Confira a íntegra do desabafo do delegado publicado pelo O Globo:
"Carta a Marielle Franco
Marielle, durante quatro anos ininterruptos de minha vida estive diretamente envolvido em investigações de mortes violentas no Estado do Rio de Janeiro. Acumulo em meu coração ardentes cicatrizes que me fazem lembrar mães, pais, filhos, irmãos, maridos, esposas. Todos vitimados pela maldade humana. Foram muitas madrugadas sem repouso. Muitas lágrimas na penumbra da folga. Assisti a muitos sorrisos desmancharem-se diante da morte. Ouvi gargantas secarem de tantos gritos de dor ao verem de perto a fragilidade do ser e deixar de ser humano.

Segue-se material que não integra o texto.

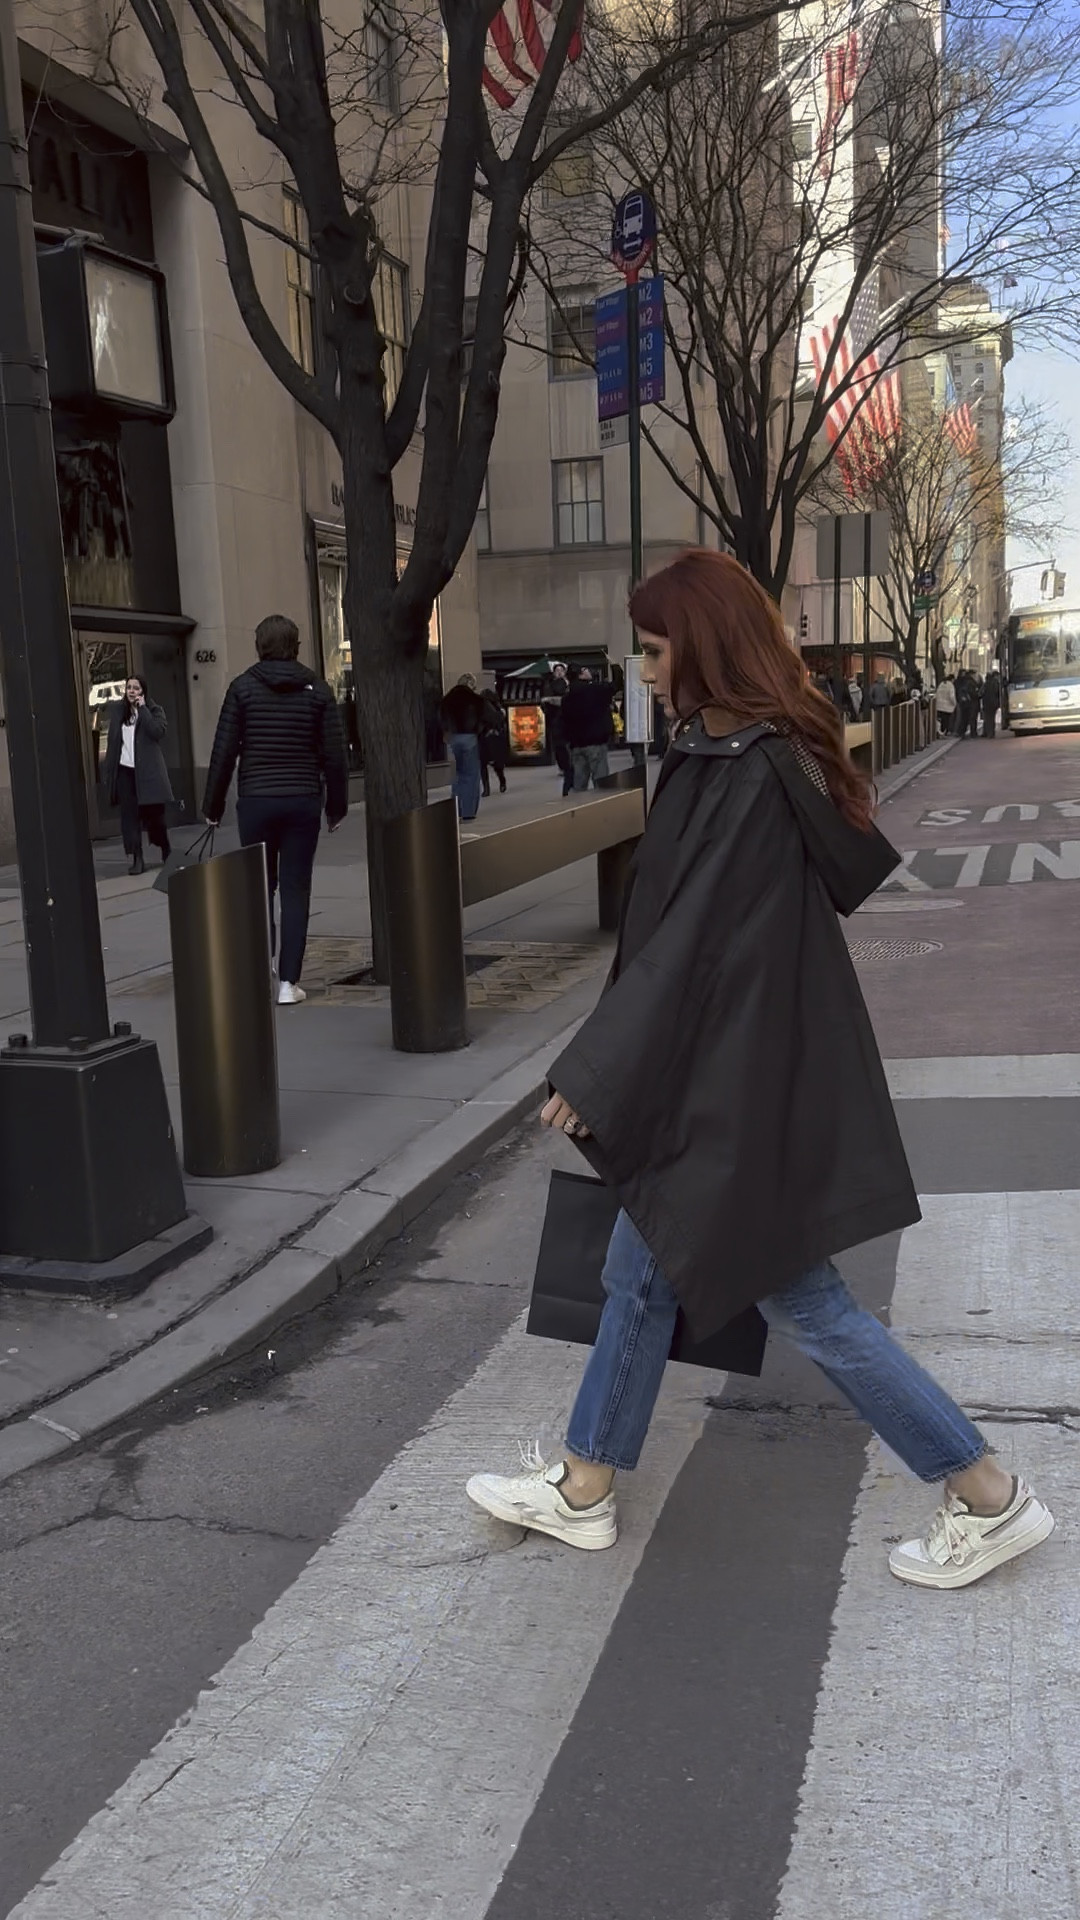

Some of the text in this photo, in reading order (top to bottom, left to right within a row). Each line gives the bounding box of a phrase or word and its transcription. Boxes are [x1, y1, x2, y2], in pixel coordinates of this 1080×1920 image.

Carregava em meus ombros a pesada esperança do sucesso das investigações, afinal, meu trabalho representava o horizonte pós-tempestade para as famílias aviltadas pela violência. Era pouco, mas era tudo. Não fui herói. Alguns casos foram solucionados, mas a maioria das investigações ainda segue o errante caminho entre Delegacia de Homicídios e Ministério Público, à espera de uma empoeirada prateleira de arquivo onde possa descansar em paz. Ali se abafam os gritos por justiça ecoados pelos parentes e amigos daqueles que passaram a ser apenas mais um nome impresso em uma guia de remoção de cadáver.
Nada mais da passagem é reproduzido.